This Innovative Device Is Able to Destroy 99.9% of an Airborne Virus in Seconds

Robert Coelius/Michigan Engineering

Is there something that can destroy all airborne bacteria and viruses in a fraction of a second? It appears so. A new type of air filter might be able to give results faster, cheaper and more accurate than all others on the market.

The genius new device uses nonthermal plasma to provide solid help as a weapon against the spread of infectious diseases, like measles, which can remain suspended in the air for hours.

Besides killing viruses, it can prevent disease when it is miniaturized and works as a century-old face mask, to breathe in clean air.

“The results tell us that nonthermal plasma treatment is very effective at inactivating airborne viruses. There are limited technologies for air disinfection, so this is an important finding,” said Krista Wigginton, a civil and environmental engineer at the University of Michigan.

What is nonthermal plasma?

Nonthermal plasma, at its core, is like a flame minus the heat, created using an electromagnetic reactor.

By sending pure oxygen gas through one, the device produces an effect similar to static electricity. Plasma is merely the ionized or charged air particles that form around each spark.

The air filter looks like a simple pipe but it’s more complex than that. Inside, the pipe has glass beads that capture the tiny little discharges. Electrons are sent flying and atoms are pulled from their molecules as electricity flows through the system, producing a silent glow. The process results in a free-radical host.

Previous studies have shown that plasma exposure can break a bacterial cell’s wall, disrupting its normal cycle.

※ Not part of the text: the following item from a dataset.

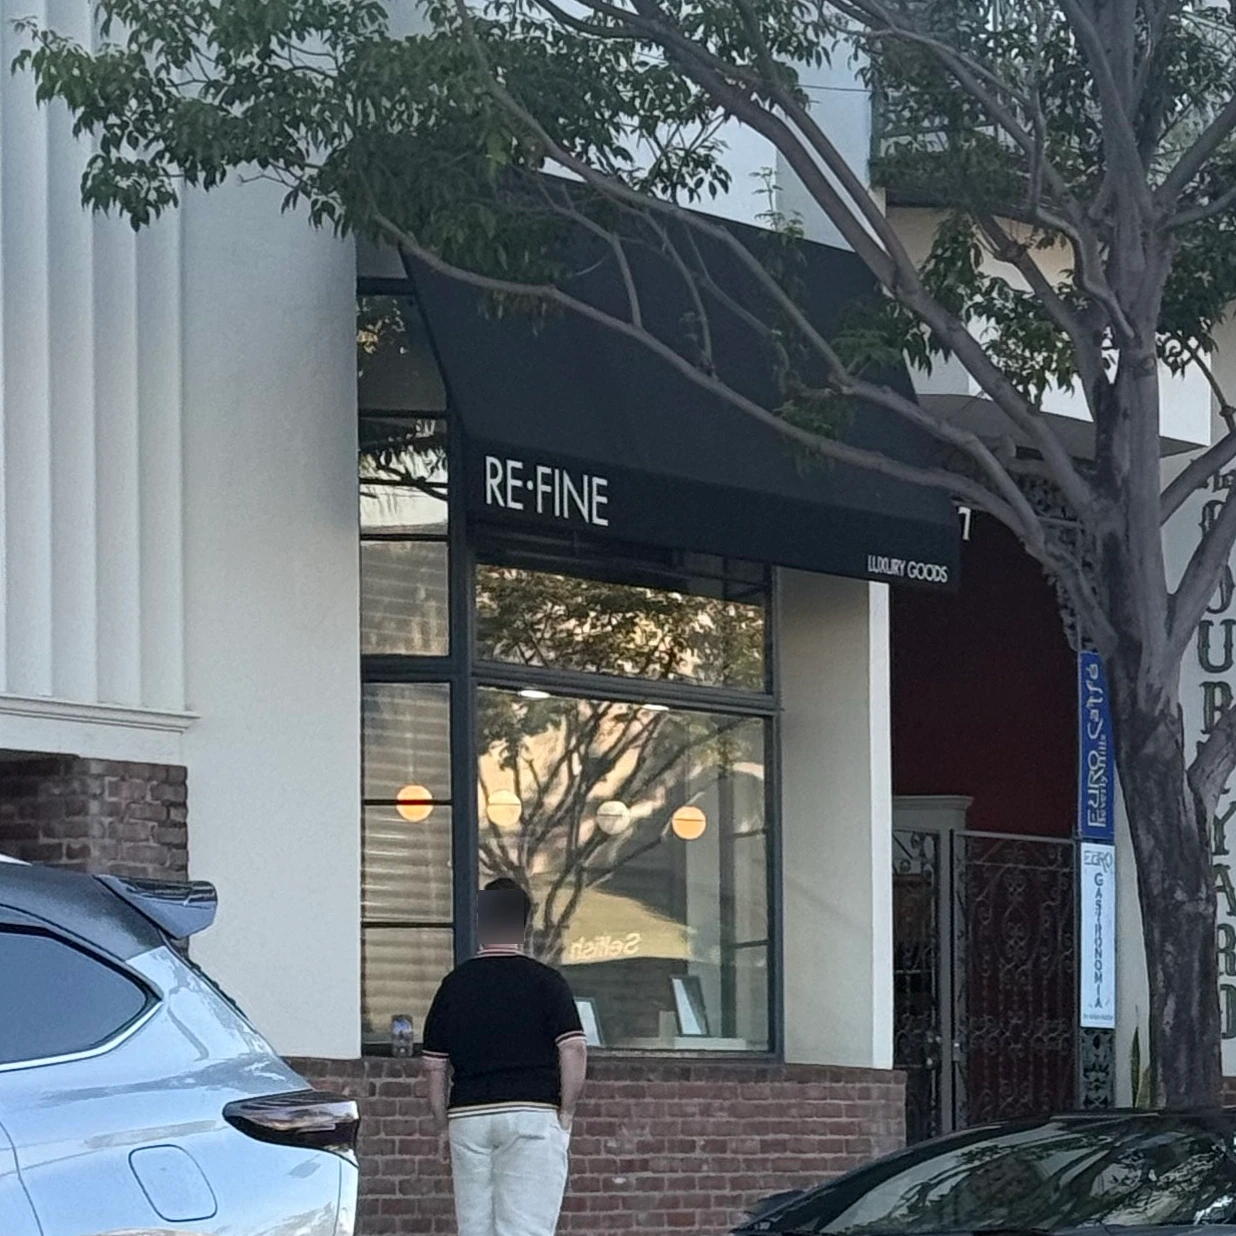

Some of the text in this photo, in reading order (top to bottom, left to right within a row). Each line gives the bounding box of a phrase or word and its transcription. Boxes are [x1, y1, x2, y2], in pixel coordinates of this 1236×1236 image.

“In one study, a dielectric barrier discharge (DBD) NTP reactor with 10-second plasma exposure and a very high air flow rate (25 L/s) resulted in 97 percent E. coli inactivation,” wrote the authors.

“By passing through the packed bed, pathogens in the air stream are oxidized by unstable atoms called radicals. What’s left is a virus that has diminished the ability to infect cells.” engineer and senior study author Herek Clack from the University of Michigan explained.

The device has a two-sided approach. It doesn’t just physically trap the virus within the air, but it actually inactivates it.

Clark and his team will test the device with animals first, in order to be able to use the promising technology for humans and especially hospitals in the near future.